• **Task prompt**: Please retype the records below exactly, leaving out any pictures.

Information given Start Marker

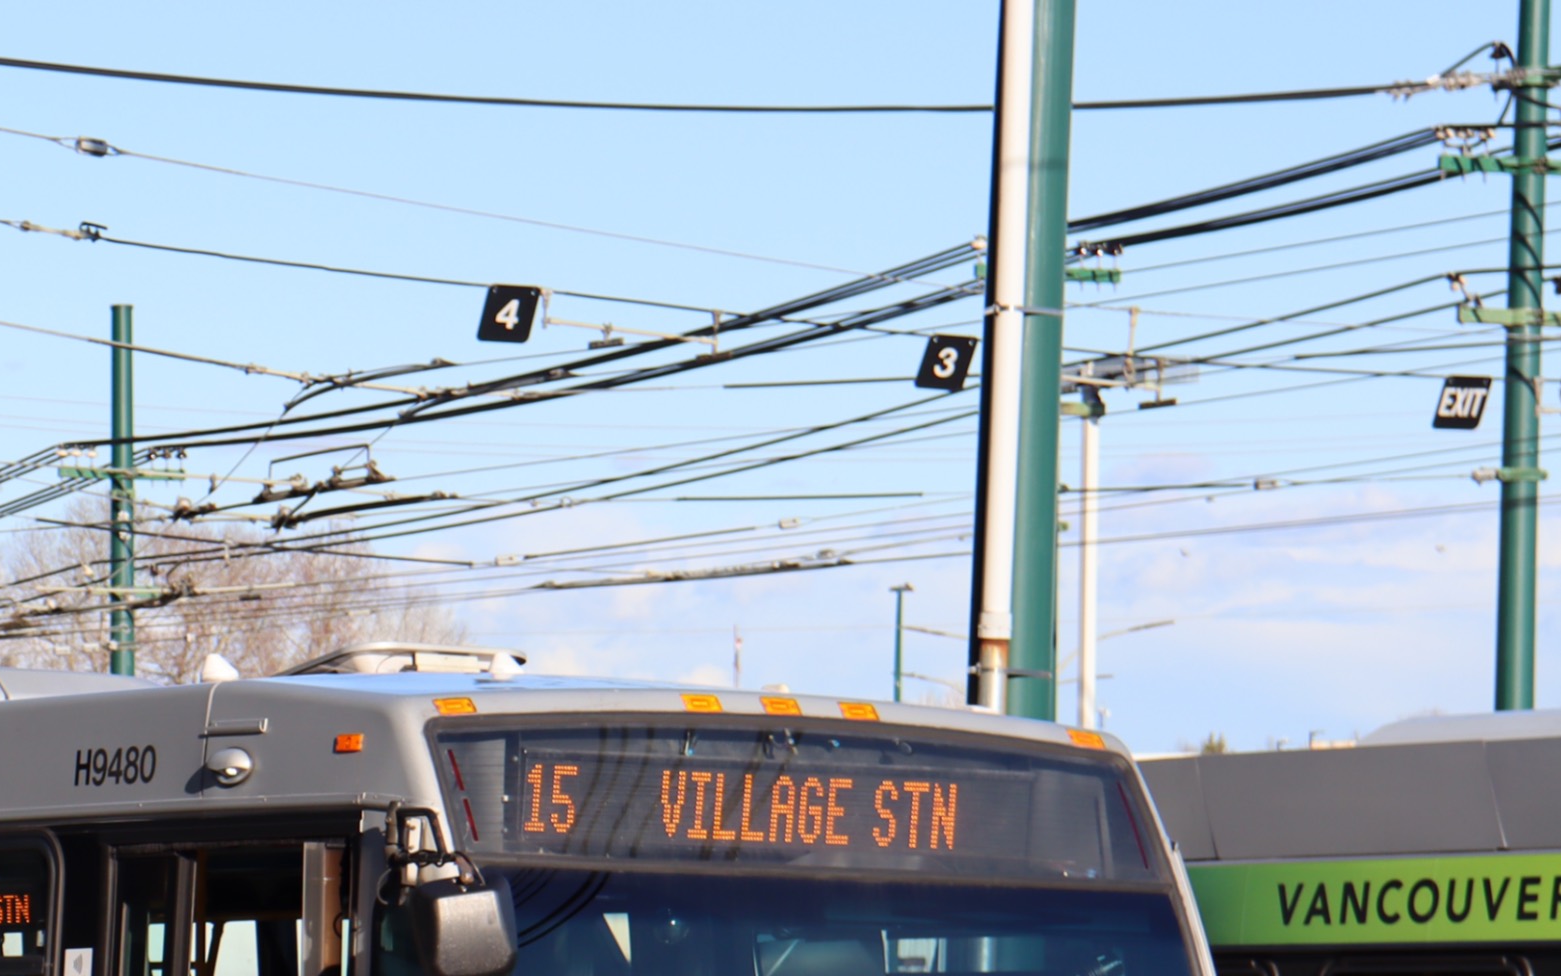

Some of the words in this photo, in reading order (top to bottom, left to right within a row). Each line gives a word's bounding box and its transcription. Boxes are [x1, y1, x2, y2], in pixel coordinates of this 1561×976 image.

[494, 298, 521, 330] 4
[932, 346, 959, 379] 3
[1438, 387, 1488, 418] EXIT
[73, 744, 157, 787] H9480
[523, 763, 579, 833] 15
[660, 769, 854, 846] VILLAGE
[872, 779, 958, 850] STN
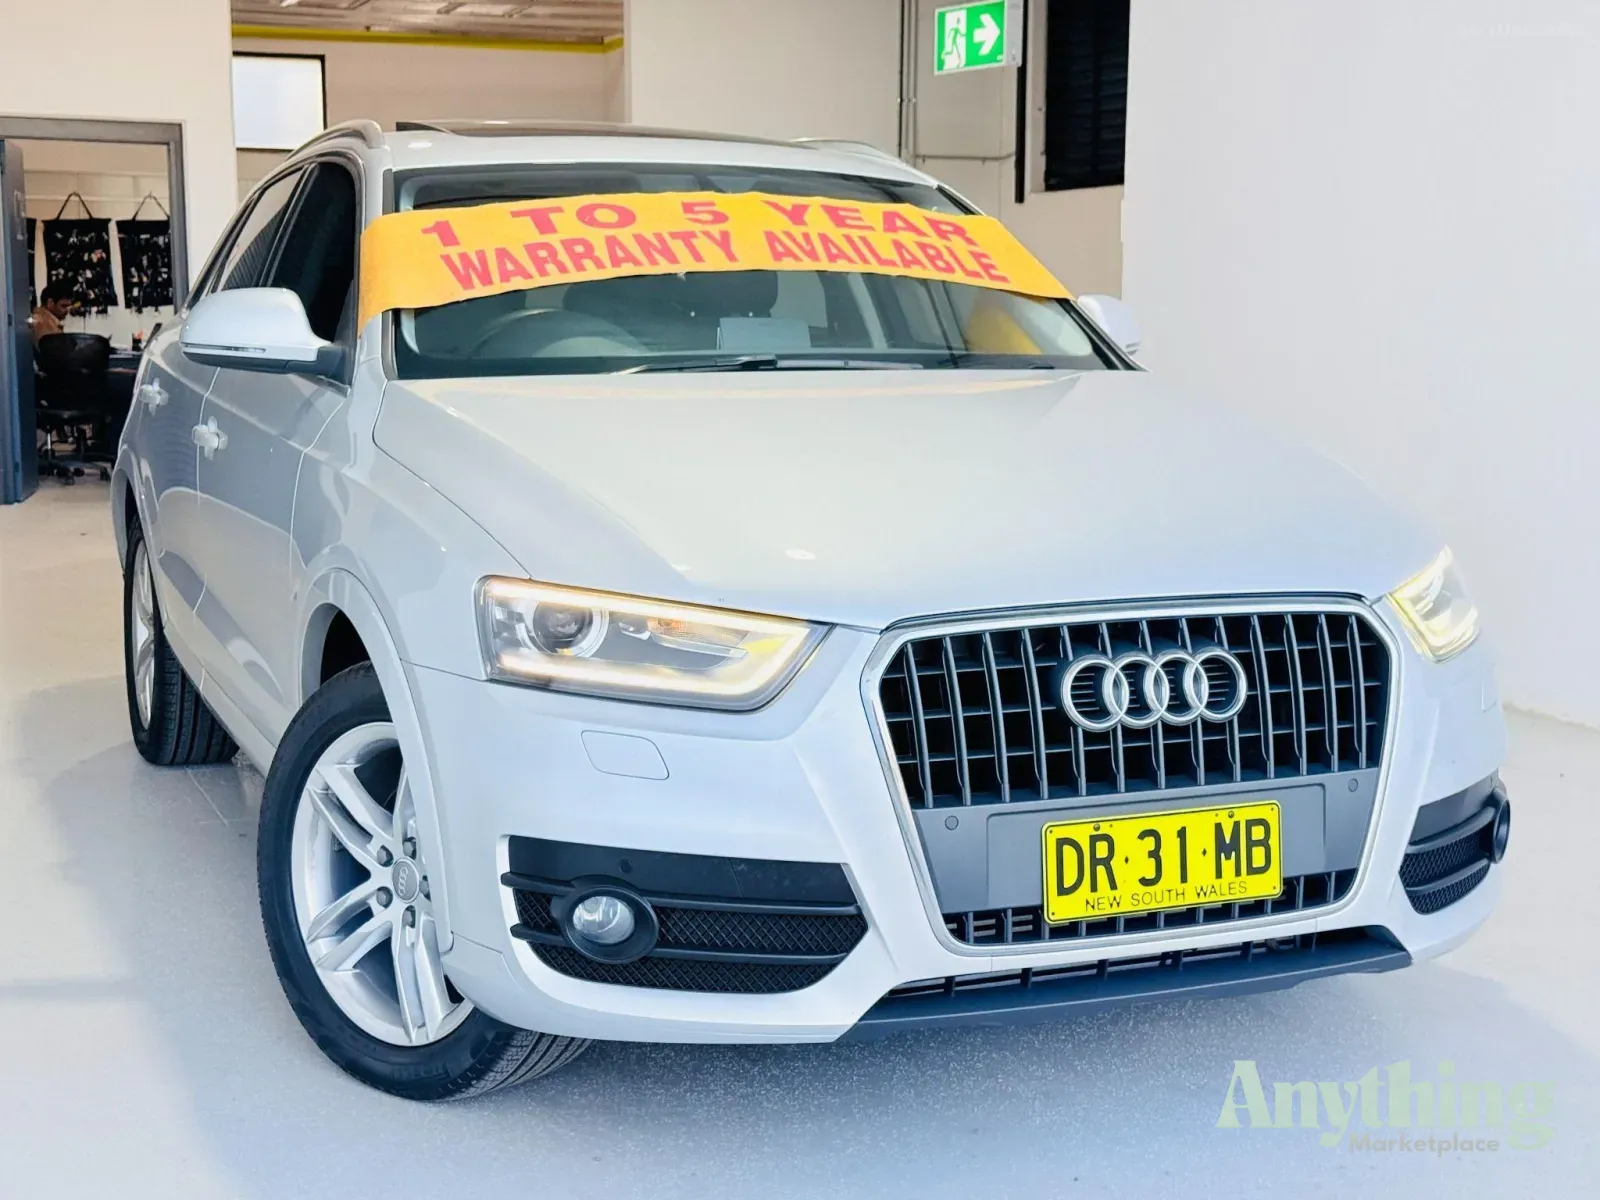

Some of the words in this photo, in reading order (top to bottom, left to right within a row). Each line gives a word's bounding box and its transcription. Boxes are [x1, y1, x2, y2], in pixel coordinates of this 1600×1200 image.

[421, 220, 461, 247] 1
[510, 203, 637, 235] TO
[681, 201, 729, 225] 5
[762, 199, 979, 247] YEAR
[440, 230, 740, 290] WARRANTY
[763, 230, 1010, 284] AVAILABLE
[1085, 894, 1122, 912] NEW
[1131, 887, 1186, 907] SOUTH
[1194, 880, 1248, 900] WALES
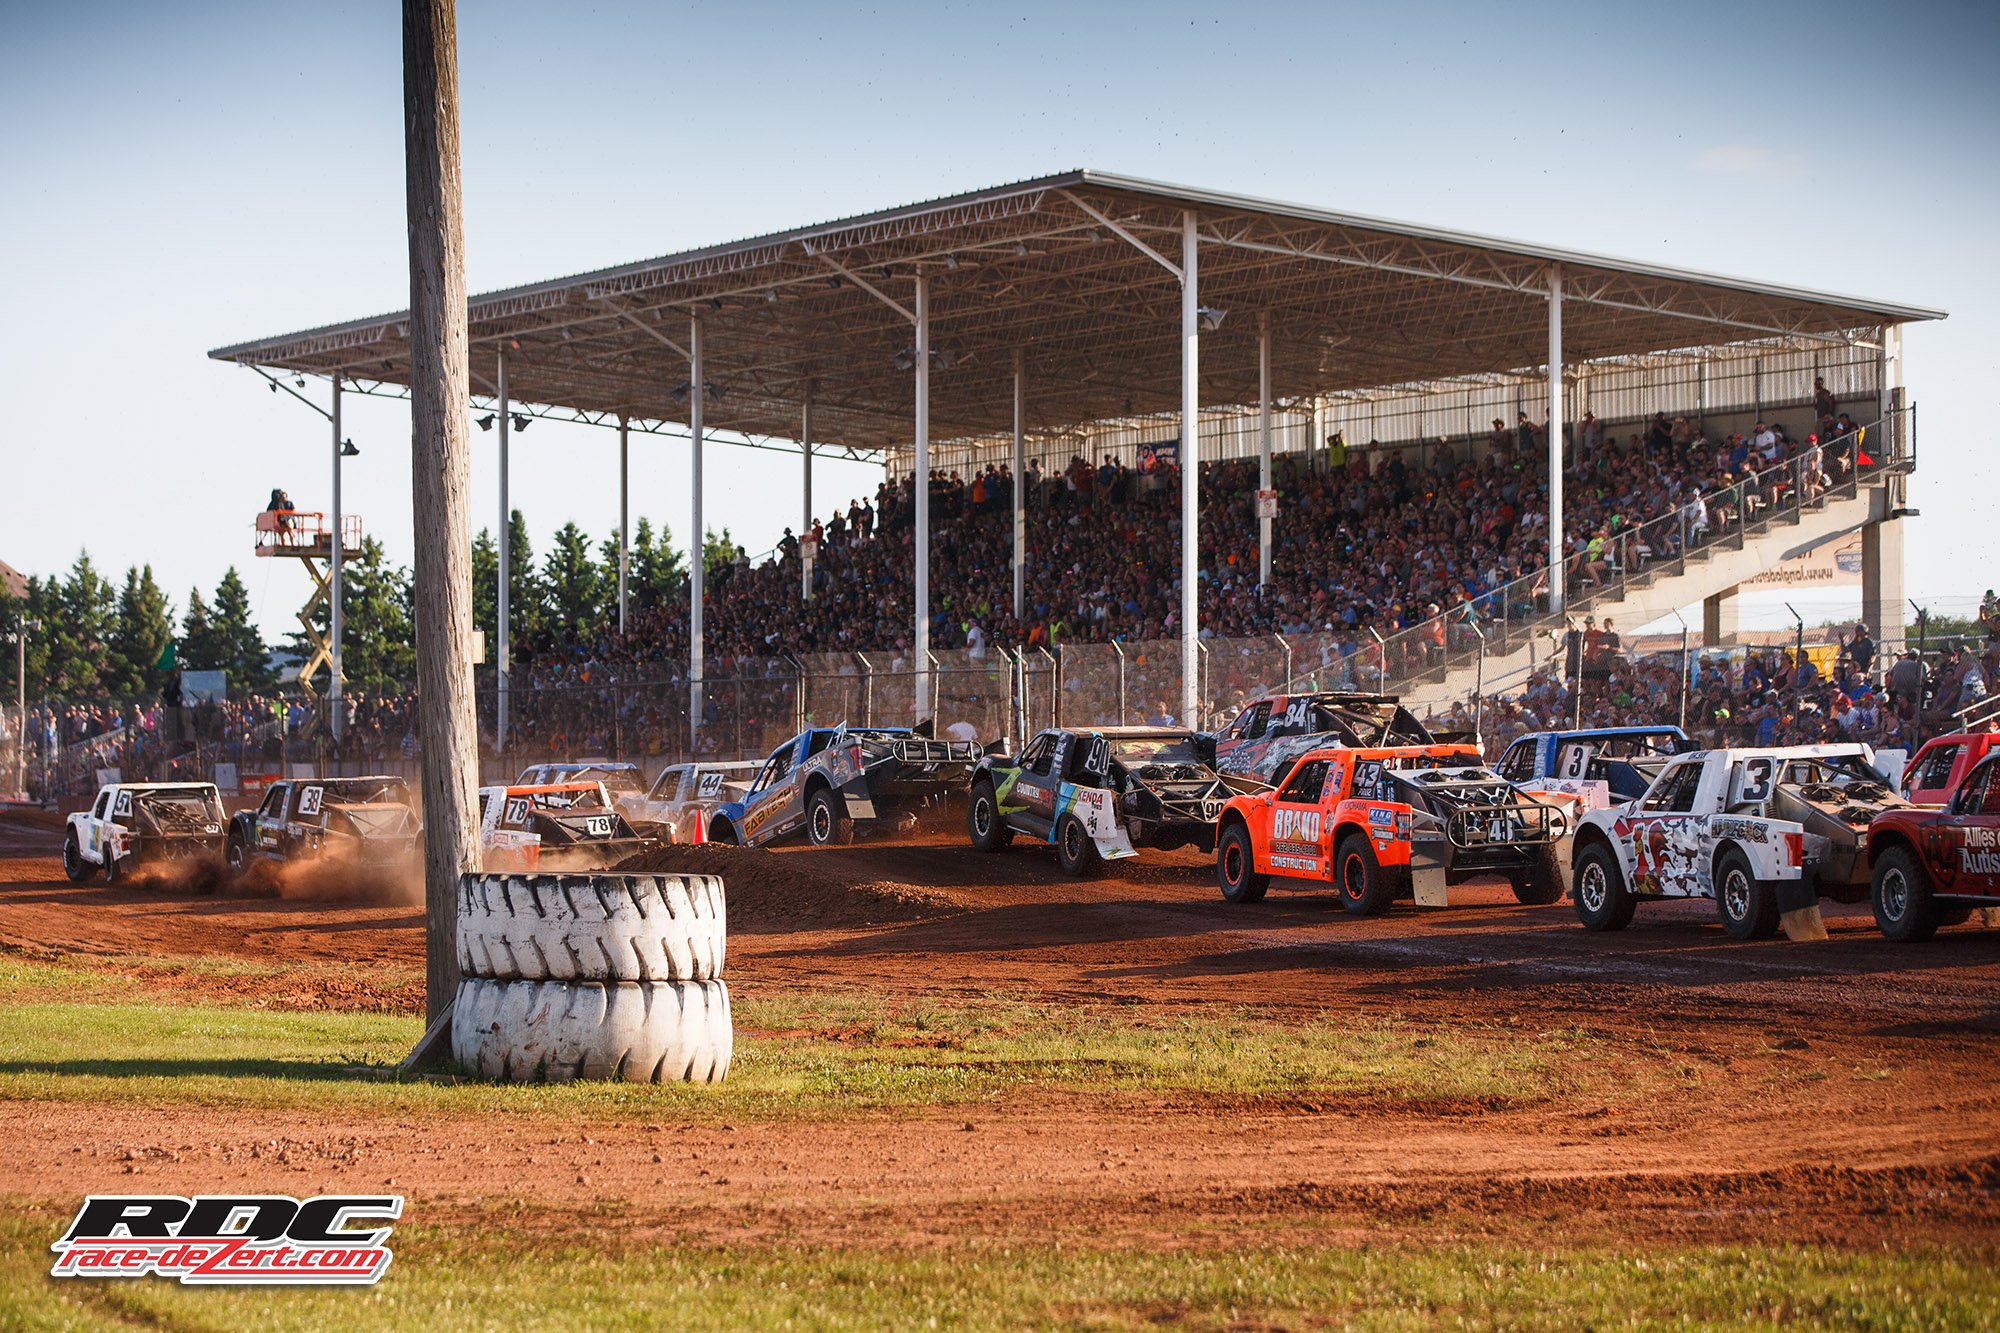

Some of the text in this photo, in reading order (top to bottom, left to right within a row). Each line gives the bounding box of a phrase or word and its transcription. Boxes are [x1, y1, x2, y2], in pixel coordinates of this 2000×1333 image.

Information given End Marker

• **Written answer**:
Some of the words in this photo, in reading order (top to bottom, left to right within a row). Each line gives a word's bounding box and its transcription. Boxes are [x1, y1, x2, y2], in pixel coordinates of this 1561×976 image.

[494, 298, 521, 330] 4
[932, 346, 959, 379] 3
[1438, 387, 1488, 418] EXIT
[73, 744, 157, 787] H9480
[523, 763, 579, 833] 15
[660, 769, 854, 846] VILLAGE
[872, 779, 958, 850] STN

Some of the words in this photo, in reading order (top to bottom, left to right within a row). Each line gives a word's bounding box and its transcription. Boxes are [x1, y1, x2, y2], in pixel coordinates of this 1600×1200 image.

[421, 220, 461, 247] 1
[510, 203, 637, 235] TO
[681, 201, 729, 225] 5
[762, 199, 979, 247] YEAR
[440, 230, 740, 290] WARRANTY
[763, 230, 1010, 284] AVAILABLE
[1085, 894, 1122, 912] NEW
[1131, 887, 1186, 907] SOUTH
[1194, 880, 1248, 900] WALES

Some of the text in this photo, in reading order (top to bottom, left to right within a row). Each line gives the bounding box of a phrase or word and its transcription. Boxes are [x1, y1, x2, y2], in pixel coordinates of this 2000×1333 image.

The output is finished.